How to submit a genomics package with lots of data to CRAN
3.0 years ago
mk ▴ 230

I've got a package that I'd like to submit to CRAN, but the data is huge, about 20 MB of compressed internal (used for unit tests, not exported) and about 7 MB of compressed exported data (used in vignettes).

I could maybe cut this down a bit by altering my compression but not by much. This package offers a pipeline that involves multiple manifold learning, classification, and pathway inference steps, and the testing involves high-dimensional objects (caveat: although currently in the 10 MB range, these could be made much smaller and still serve their purpose).

It's my understanding that package data (both in /data and R/sysdata.rda) should not exceed 5 MB in size. What are my options?

3.0 years ago

You should create a separate data package along with your main pkg

Thanks @Satosh Anand.

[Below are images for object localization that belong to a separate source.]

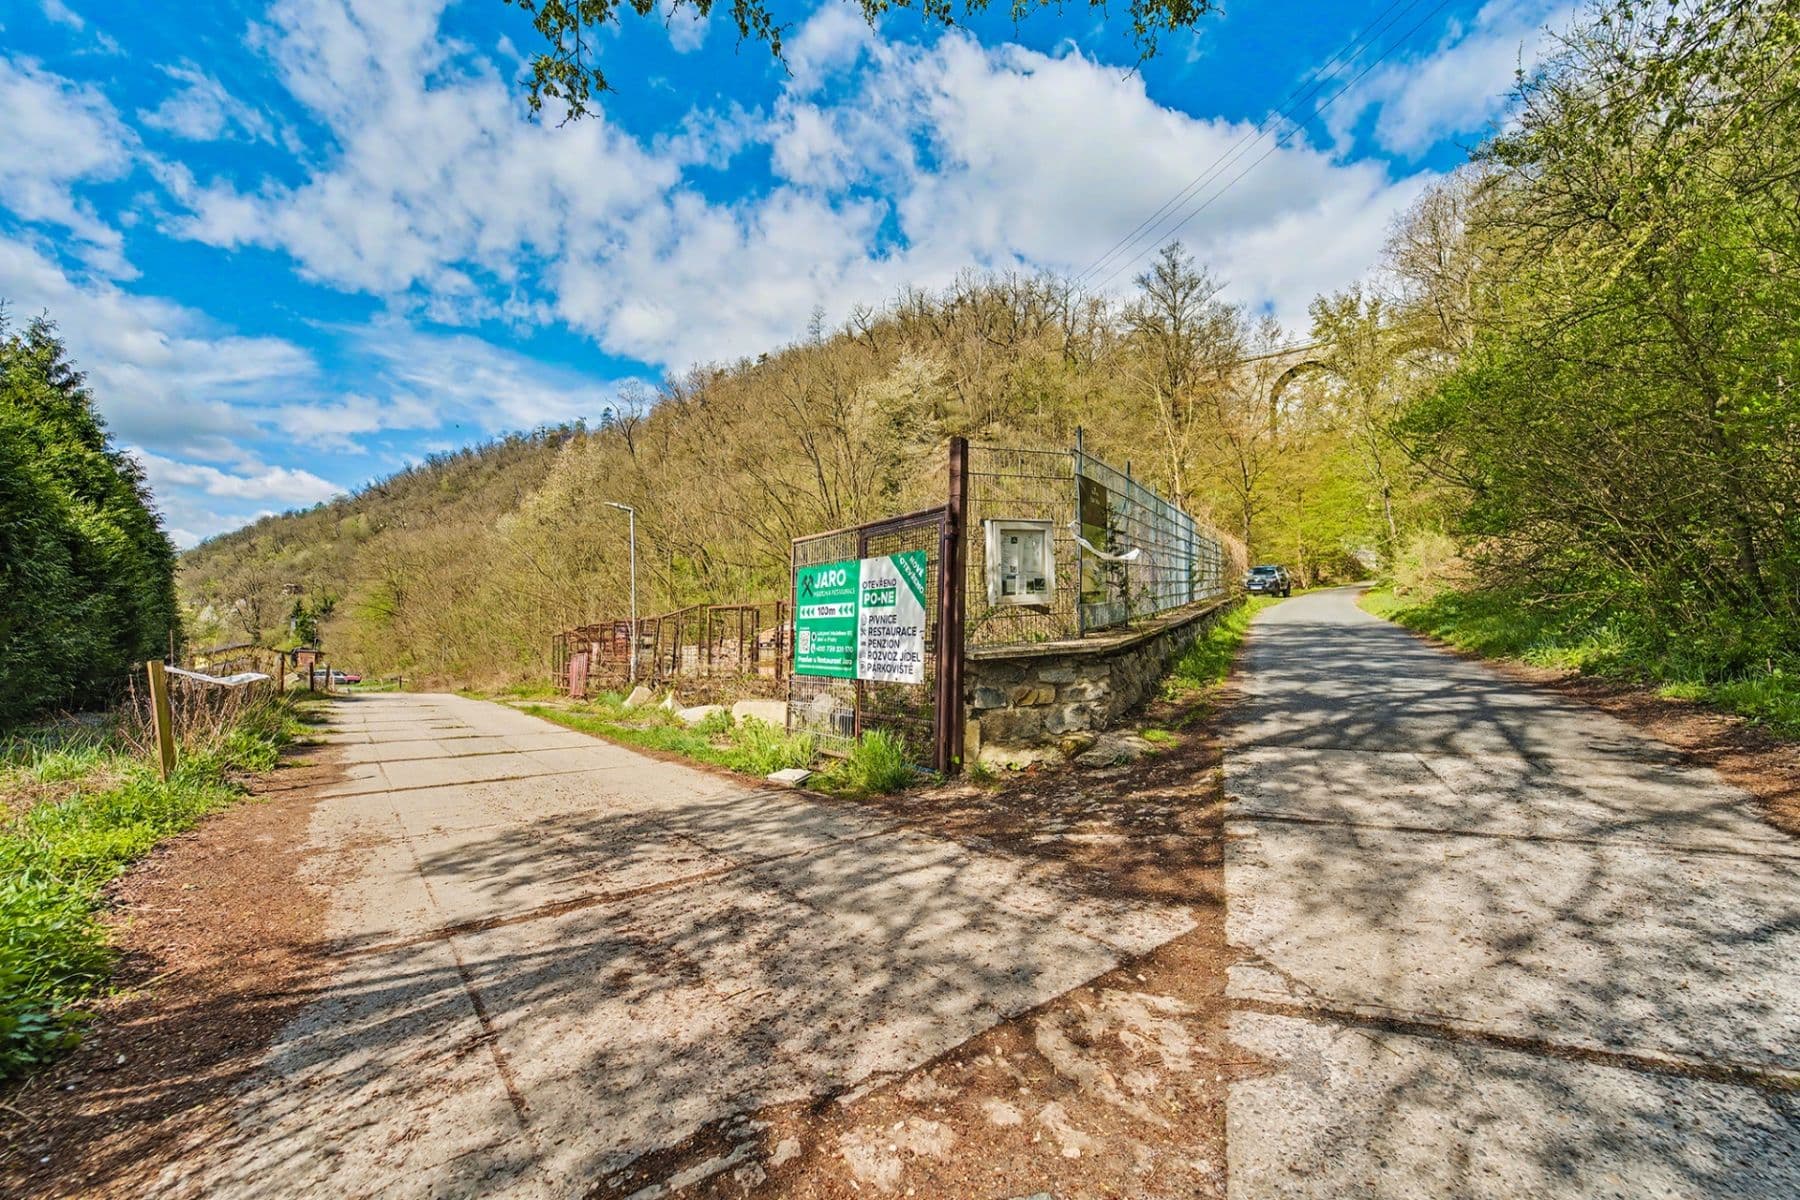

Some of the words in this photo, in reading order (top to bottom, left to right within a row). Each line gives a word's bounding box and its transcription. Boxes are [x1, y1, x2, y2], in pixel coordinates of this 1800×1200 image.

[814, 569, 846, 589] JARO
[862, 577, 897, 589] OTEVŘENO
[863, 591, 895, 605] PO-NE
[817, 606, 836, 616] 100m
[868, 614, 897, 624] PIVNICE
[868, 626, 917, 636] RESTAURACE
[867, 639, 900, 649] PENZION
[867, 651, 898, 661] ROZVOZ
[899, 649, 921, 662] JÍDEL
[866, 662, 914, 675] PARKOVIŠTĚ

It looks like Dave Kleinschmidt has permanently hosted the data package in that example on github, since it can't be hosted in CRAN.

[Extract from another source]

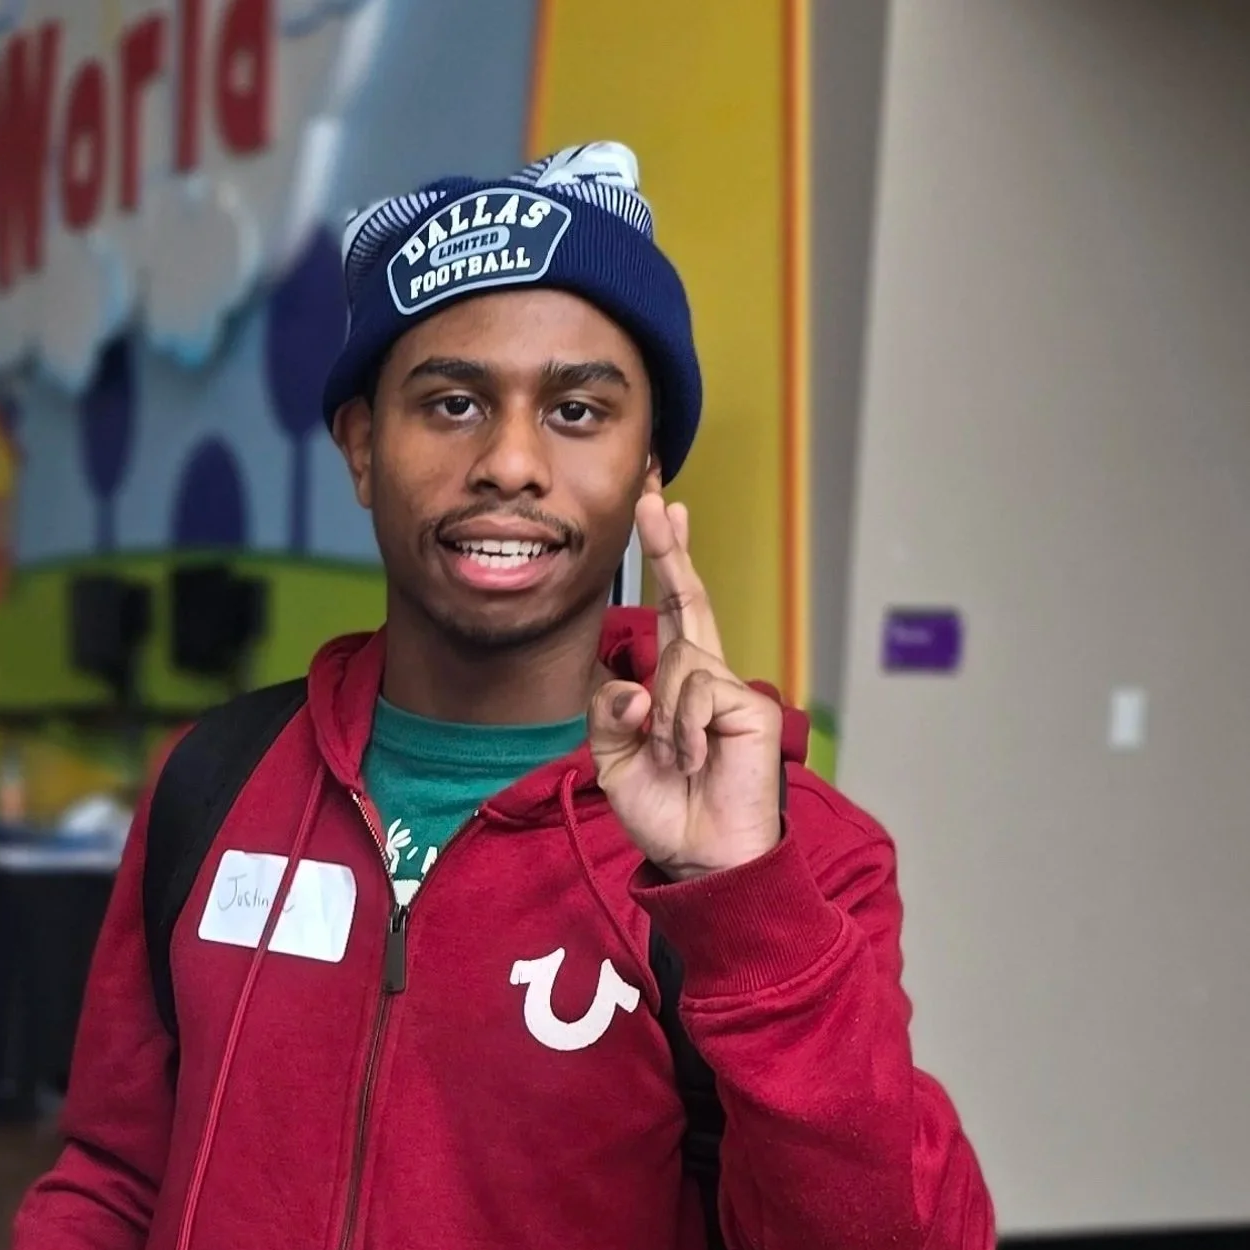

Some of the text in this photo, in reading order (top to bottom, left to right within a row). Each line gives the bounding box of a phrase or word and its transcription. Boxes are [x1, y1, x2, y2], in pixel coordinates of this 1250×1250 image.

I've done a bit of digging and found the following here:

Packages on which a CRAN package depends should be available from a mainstream repository: if any mentioned in ‘Suggests’ or ‘Enhances’ fields are not from such a repository, where to obtain them at a repository should be specified in an ‘Additional_repositories’ field of the DESCRIPTION file (as a comma-separated list of repository URLs) or for other means of access, described in the ‘Description’ field. A package listed in ‘Suggests’ or ‘Enhances’ should be used conditionally in examples or tests if it cannot straightforwardly be installed on the major R platforms

According to this post on SO, it seems that Github would qualify as one "mainstream repository" required by the Policy.